Форсированный диурез представляет собой управляемую гемодилюцию. В течение 2-3 ч быстро вводят до 4-5 л кристаллоидных растворов под контролем гематокрита и концентрации гемоглобина. Скорость переливания 80-100 капель в минуту. Дополнительно диурез инициируют 40-200 мг фуросемида или 10% маннитолом (1 г/кг). Необходим тщательный контроль водно-электролитного баланса

 

гемосорбция, плазмосорбция, лимфосорбция. Принцип: соответствующую жидкость пропускают через колонки с различными сорбентами (активированным углем, ионообменными смолами и специфическими сорбентами: иммунными, ферментными и пр.).

 

Экстракционные методы основаны на удалении из организма вместе с компонентами крови всех видов токсичных веществ.

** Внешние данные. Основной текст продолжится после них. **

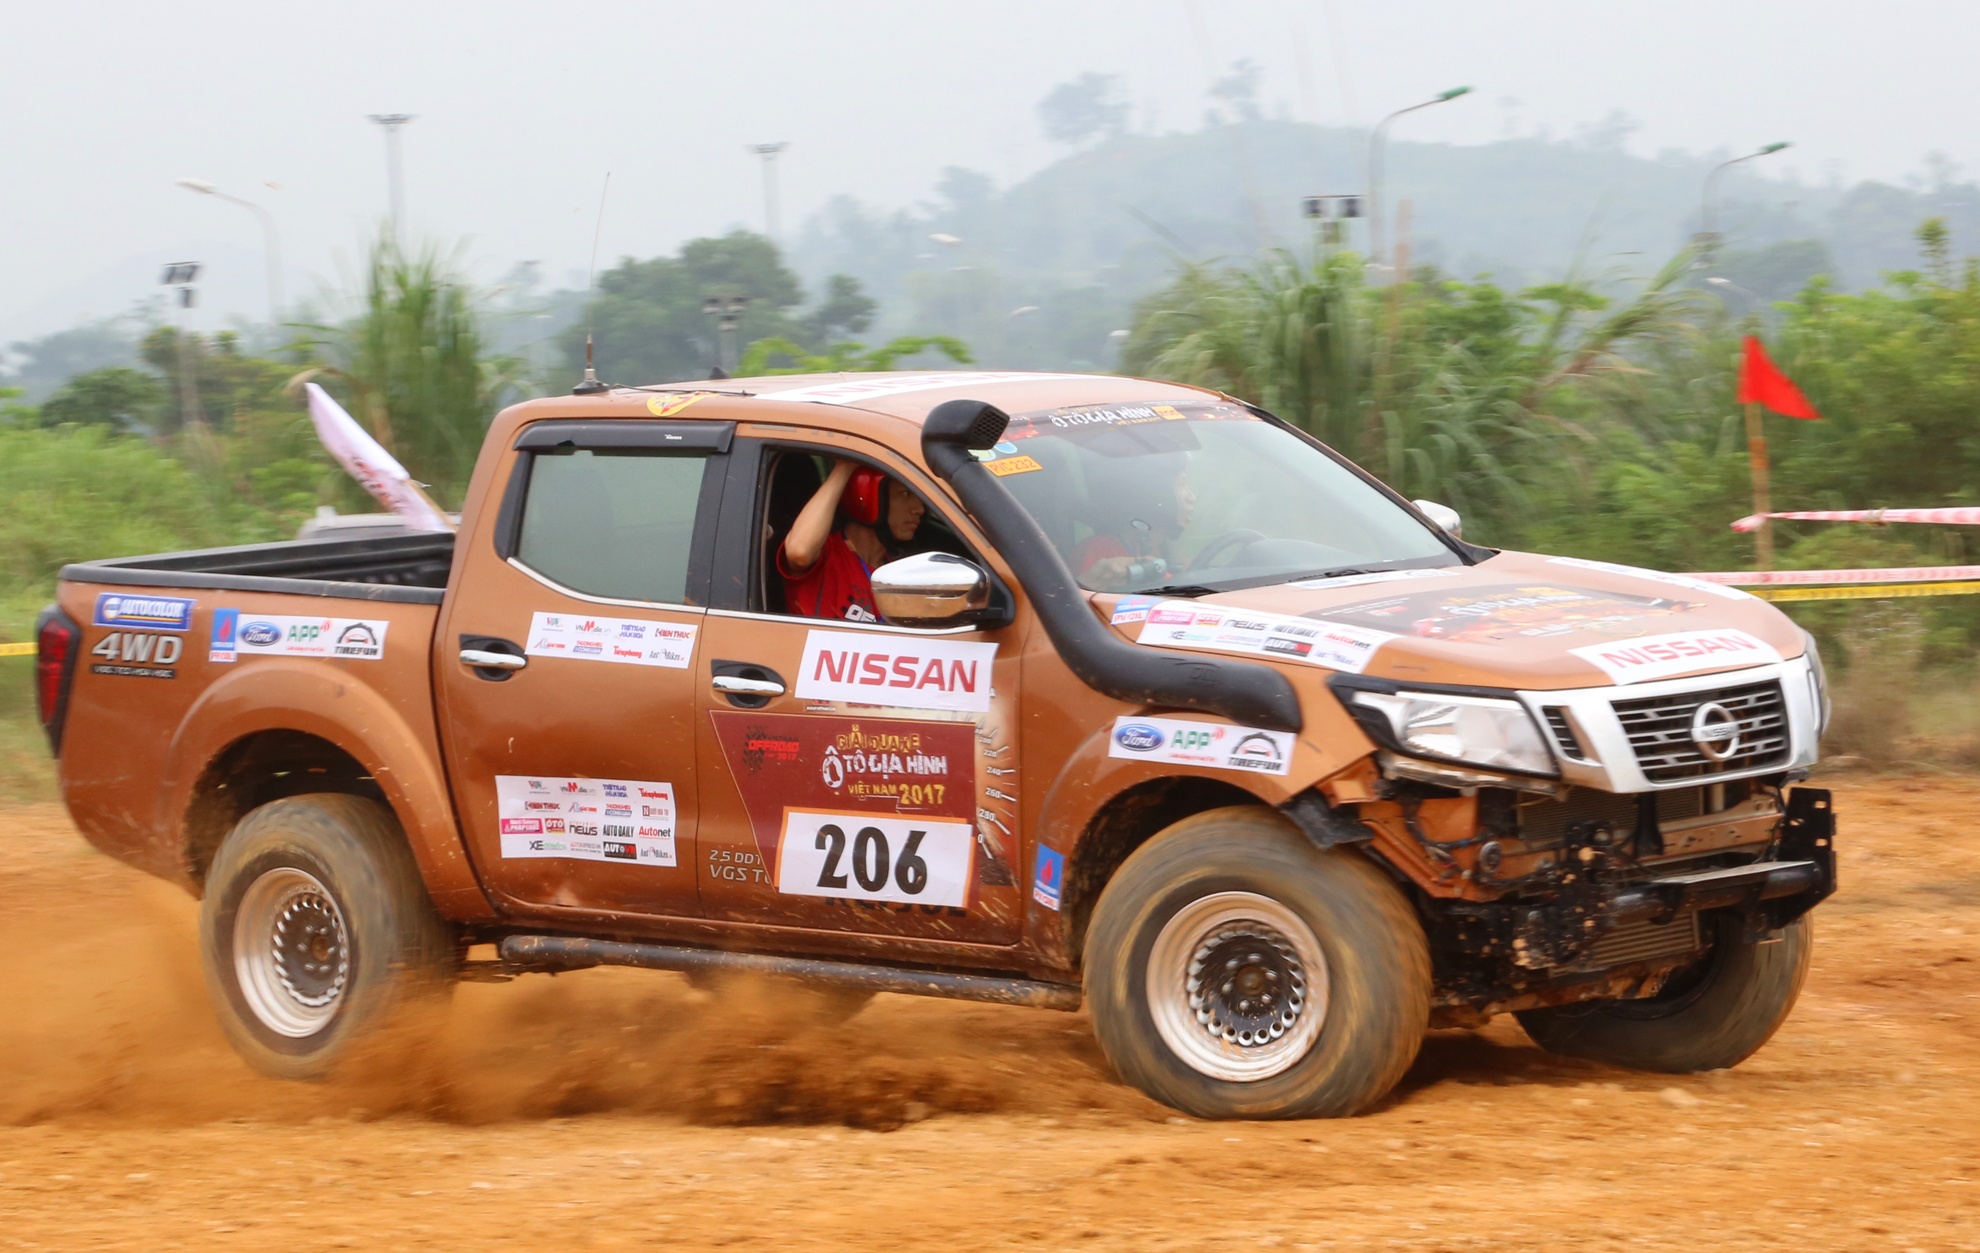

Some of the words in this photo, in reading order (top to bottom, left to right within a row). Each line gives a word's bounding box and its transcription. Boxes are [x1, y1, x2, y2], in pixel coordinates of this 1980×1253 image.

[1009, 458, 1038, 471] 232
[119, 599, 187, 618] AUTOCOLOR
[1114, 614, 1127, 622] PV
[243, 624, 275, 643] Ford
[287, 624, 320, 643] APP
[91, 631, 183, 665] 4WD
[1600, 634, 1759, 668] NISSAN
[813, 649, 977, 693] NISSAN
[748, 739, 800, 753] OFFROAD
[1121, 726, 1158, 749] Ford
[1170, 729, 1212, 751] APP
[983, 748, 999, 758] 220
[822, 744, 845, 789] Ô
[842, 749, 867, 773] TÔ
[905, 749, 948, 775] HÌNH
[986, 766, 1003, 777] 240
[847, 780, 871, 799] VIỆT
[872, 783, 899, 796] NAM
[899, 783, 946, 806] 2017
[985, 786, 1002, 799] 260
[979, 807, 996, 822] 280
[603, 824, 618, 837] AUTO
[618, 825, 636, 838] DAILY
[639, 825, 672, 838] Autonet
[814, 822, 929, 896] 206
[709, 864, 748, 883] VGS

Основной метод - плазмаферез. Суть метода состоит в удалении из организма токсичной плазмы крови и замене её донорской свежезамороженной плазмой и кровезамещающими растворами.

 

• иммунокоррекция;

• симптоматическое лечение.

 

Воздействие на макроорганизм:

Борьба с интоксикацией план который входит инфузионная терапия с элементами форсированного диуреза, назначение препаратов обладающих дезинтоксикационными свойствами (плазмы, препаратов группы поливинилпирролидона), а также активные методы детоксикации (гемосорбция, энтеросорбция, плазма- и лимфоферез)

 

Симуляция иммунобиологических свойств организма и коррекции их нарушений: пассивная иммунизация в фазе гнойной инфекции, то есть введение в организм готовых антител: 

-иммуноглобулин человеческий нормальный по 1,5-3 мл через день всего 3 дозы

-специфические гипериммунные плазмы (плазма антисинегнойная человеческая 10-15 мл на 1 кг массы тела)

 

Посиндромная терапия

Проведение гормональной терапии больным с гнойно-септическими заболеваниями из-за выраженного иммуносупрессивного эффекта

Целесообразно только при лечении септического шока, причём кратковременно на пике клинических проявлений

 

Воздействие на микроорганизм:

Эмперический подход:

стрептококк (рожа, лимфаденит, лимфангит) - бензилпенициллины, амоксициллин, макролиды

стафилококк (фурункул, абсцесс, остеомиелит) - оксациллин, фузидиевая кислота, рифампицин, ванкомицин

смешанная этиология (перитонит) - цефалоспорин 3 + аминогликозид + метронидазол

 

При экстренных операциях по поводу гнойно-септического заболевания первую инъекцию а/б выполняют до операции (с премедикацией) или интраоперационно в момент кожного разреза - чтобы во время операции в крови и тканях была бактерицидная концентрация препарата - препятствует диссеминации инфекции.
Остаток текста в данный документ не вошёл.